10. De rechtbank stelt voorop dat, uitgaande van de door verzoeker opgegeven identiteit, zijn familie in Libanon hem kan opvangen. De stelling dat die opvang niet mogelijk is vanwege dreigende vervolging leidt niet tot een andere conclusie. Dat element hoort thuis in de beoordeling van de enkelvoudige asielaanvraag. Indien moet worden aangenomen dat verzoeker niet uit Libanon afkomstig is, kan niet worden vastgesteld of sprake is van voldoende mogelijkheden voor opvang in het land van herkomst. De oorzaak daarvan is gelegen in een onvoldoende medewerking van verzoeker. Van handelen van verweerder in strijd met artikel 3:2 van de Awb is dan ook geen sprake.
11. Ook hetgeen overigens door verzoeker is aangevoerd vormt geen aanleiding voor het oordeel dat verweerder in bezwaar de weigering van een verblijfsvergunning regulier voor bepaalde tijd als amv dient te herroepen.

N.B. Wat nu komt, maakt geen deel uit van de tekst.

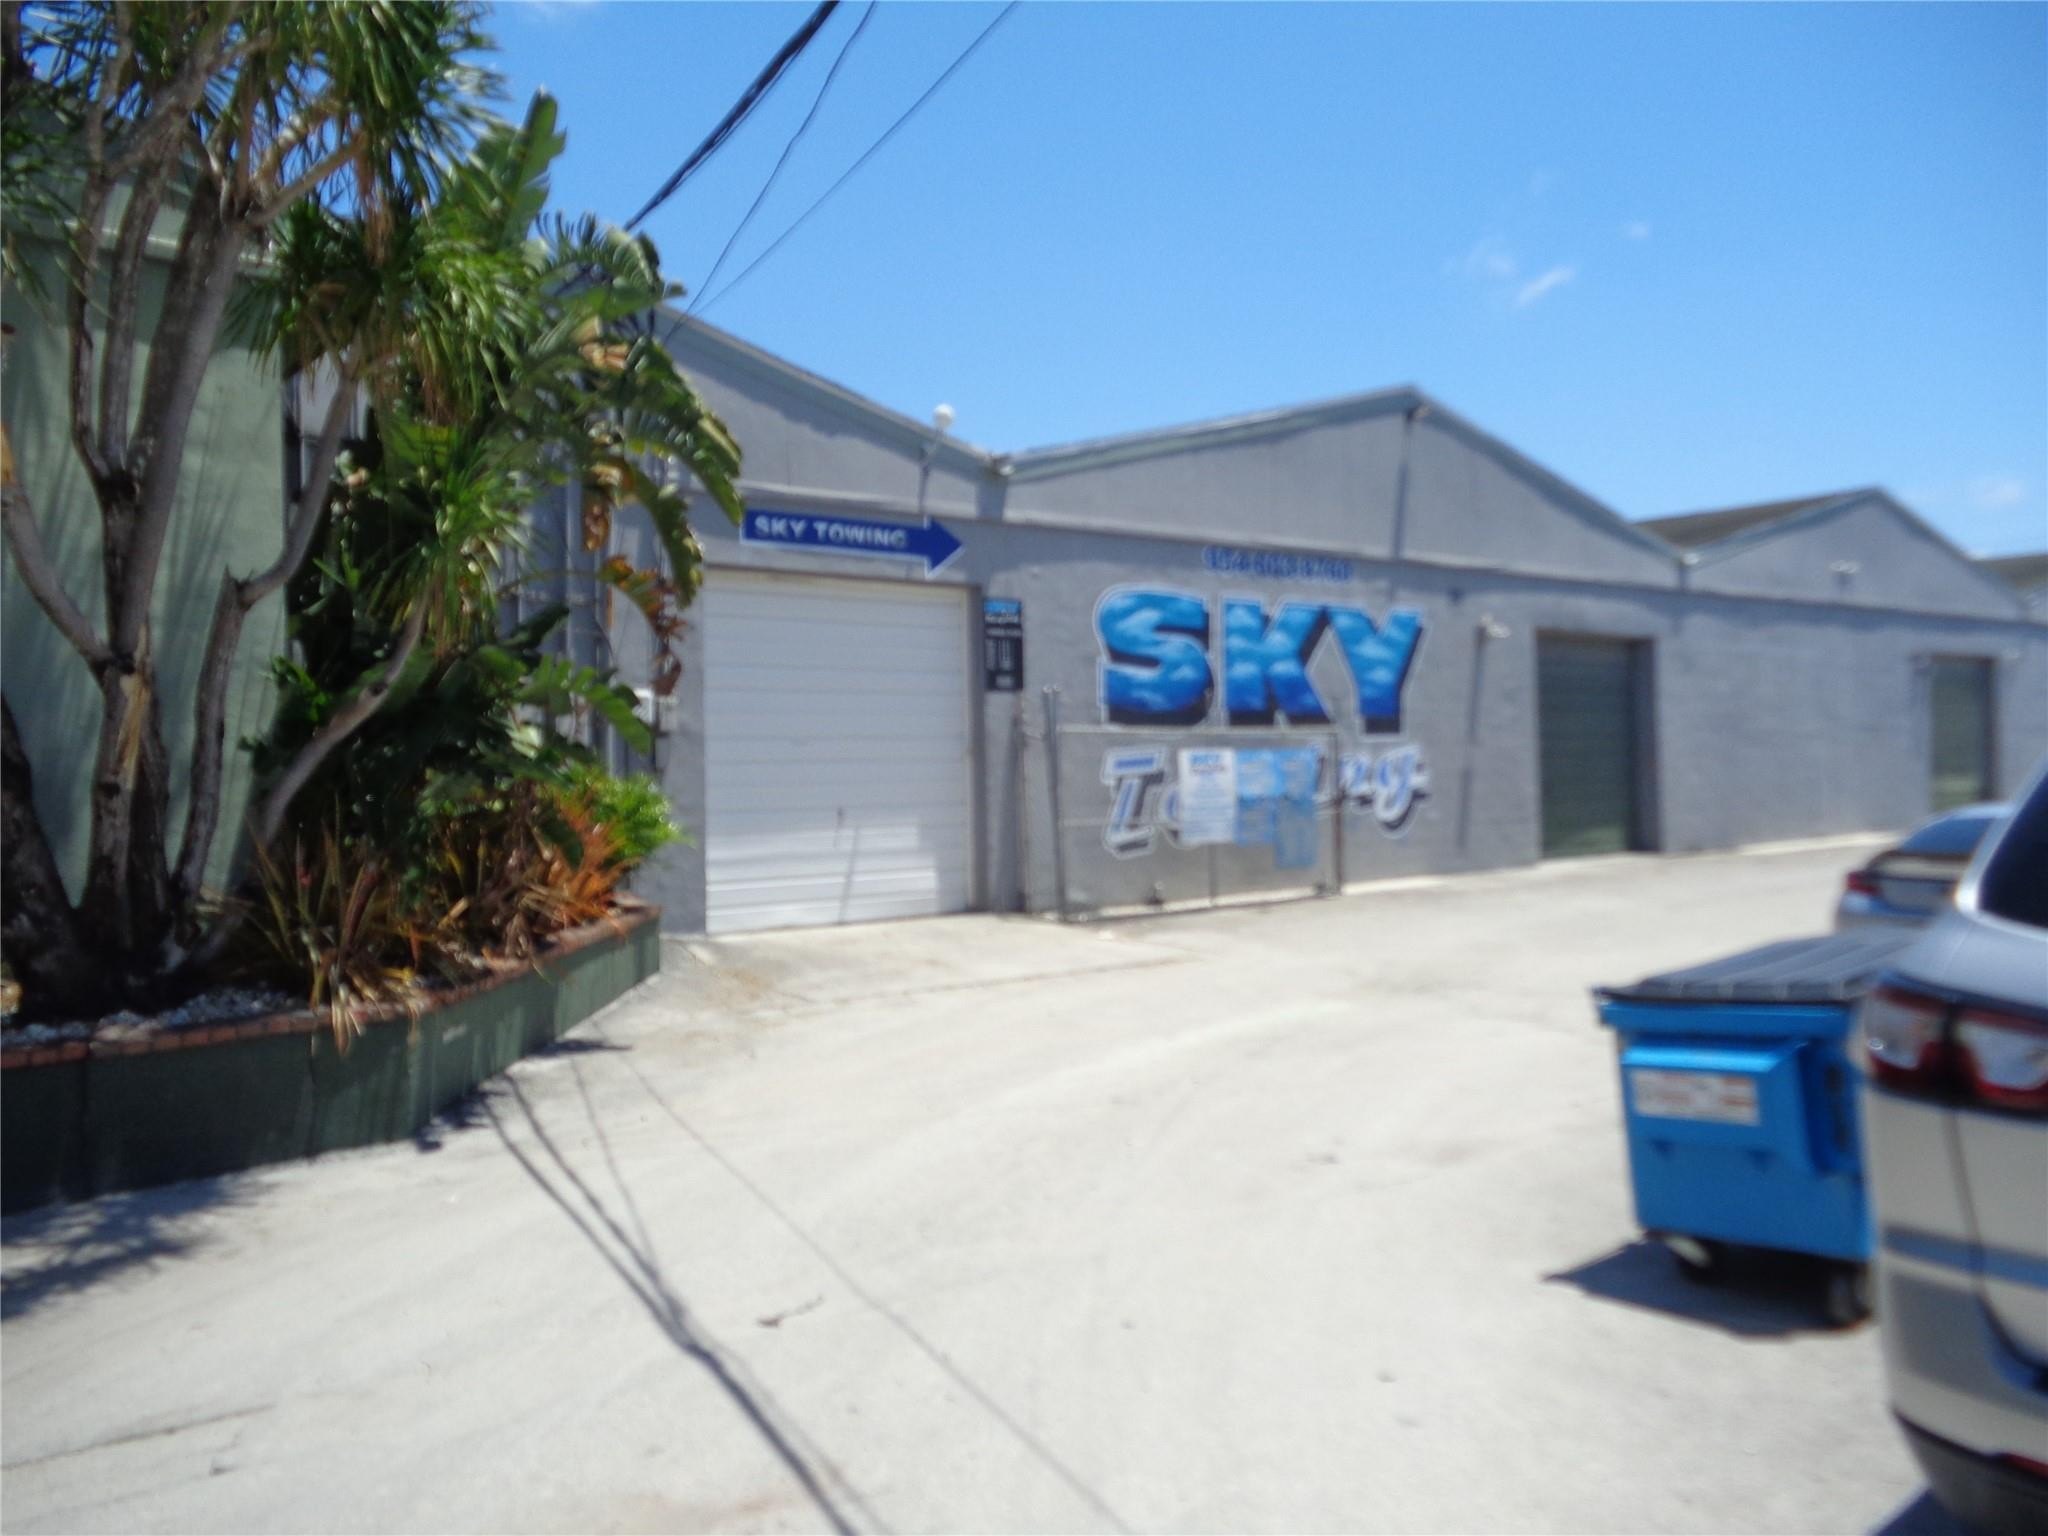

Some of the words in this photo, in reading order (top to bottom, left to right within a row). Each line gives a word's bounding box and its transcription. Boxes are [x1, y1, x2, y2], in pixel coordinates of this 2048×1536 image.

12. Verweerder heeft geweigerd verzoeker ambtshalve een vergunning tot verblijf als staatloze te verstrekken, omdat verzoekers verklaringen omtrent zijn staatloosheid niet geloofwaardig worden geacht en documenten ontbreken. Onder verwijzing naar hetgeen hiervóór onder II.3, II.4, en II.5 is overwogen, volgt de rechtbank verweerder in deze conclusie.
13. Op grond van het voorgaande komt de rechtbank tot de slotsom dat verweerders belang bij onmiddellijke uitvoering van zijn besluit zwaarder weegt dan verzoekers belang bij de gevraagde voorziening. Derhalve moet het verzoek om een voorlopige voorziening hangende de bezwaarprocedure eveneens worden afgewezen.
14. Reeds nu de hierboven besproken bezwaren eerst ter zitting zijn ingediend, bestaat er geen aanleiding om toepassing te geven aan artikel 78 van de Vw 2000.
15. Van omstandigheden op grond waarvan een van de partijen zou moeten worden veroordeeld in de door de andere partij gemaakte proceskosten is niet gebleken.
III. BESLISSING
De rechtbank
in de zaak geregistreerd onder nummer AWB 02/58193 VRONTN:
verklaart het beroep ongegrond;
in de zaak geregistreerd onder nummer AWB 02/58189 VRONTN:
wijst het verzoek af.
Deze uitspraak is gedaan en uitgesproken in het openbaar op 13 augustus 2002 door
mr. H.J. Tijselink, voorzieningenrechter, in tegenwoordigheid van mr. J.B.C. van der Veer, griffier.
Afschrift verzonden op: 13 augustus 2002
Tegen deze uitspraak staat hoger beroep open op de Afdeling bestuursrechtspraak van de Raad van State (adres: Raad van State, Afdeling bestuursrechtspraak, Hoger beroep vreemdelingenzaken, Postbus 16113, 2500 BC 's-Gravenhage). Ingevolge artikel 69, derde lid, van de Vw 2000 bedraagt de termijn voor het instellen van hoger beroep één week. Naast de vereisten waaraan het beroepschrift moet voldoen op grond van artikel 6:5 van de Awb (zoals het overleggen van een afschrift van deze uitspraak) dient het beroepschrift ingevolge artikel 85, eerste lid, van de Vw 2000 een of meer grieven te bevatten. Artikel 6:6 van de Awb (herstel verzuim) is niet van toepassing.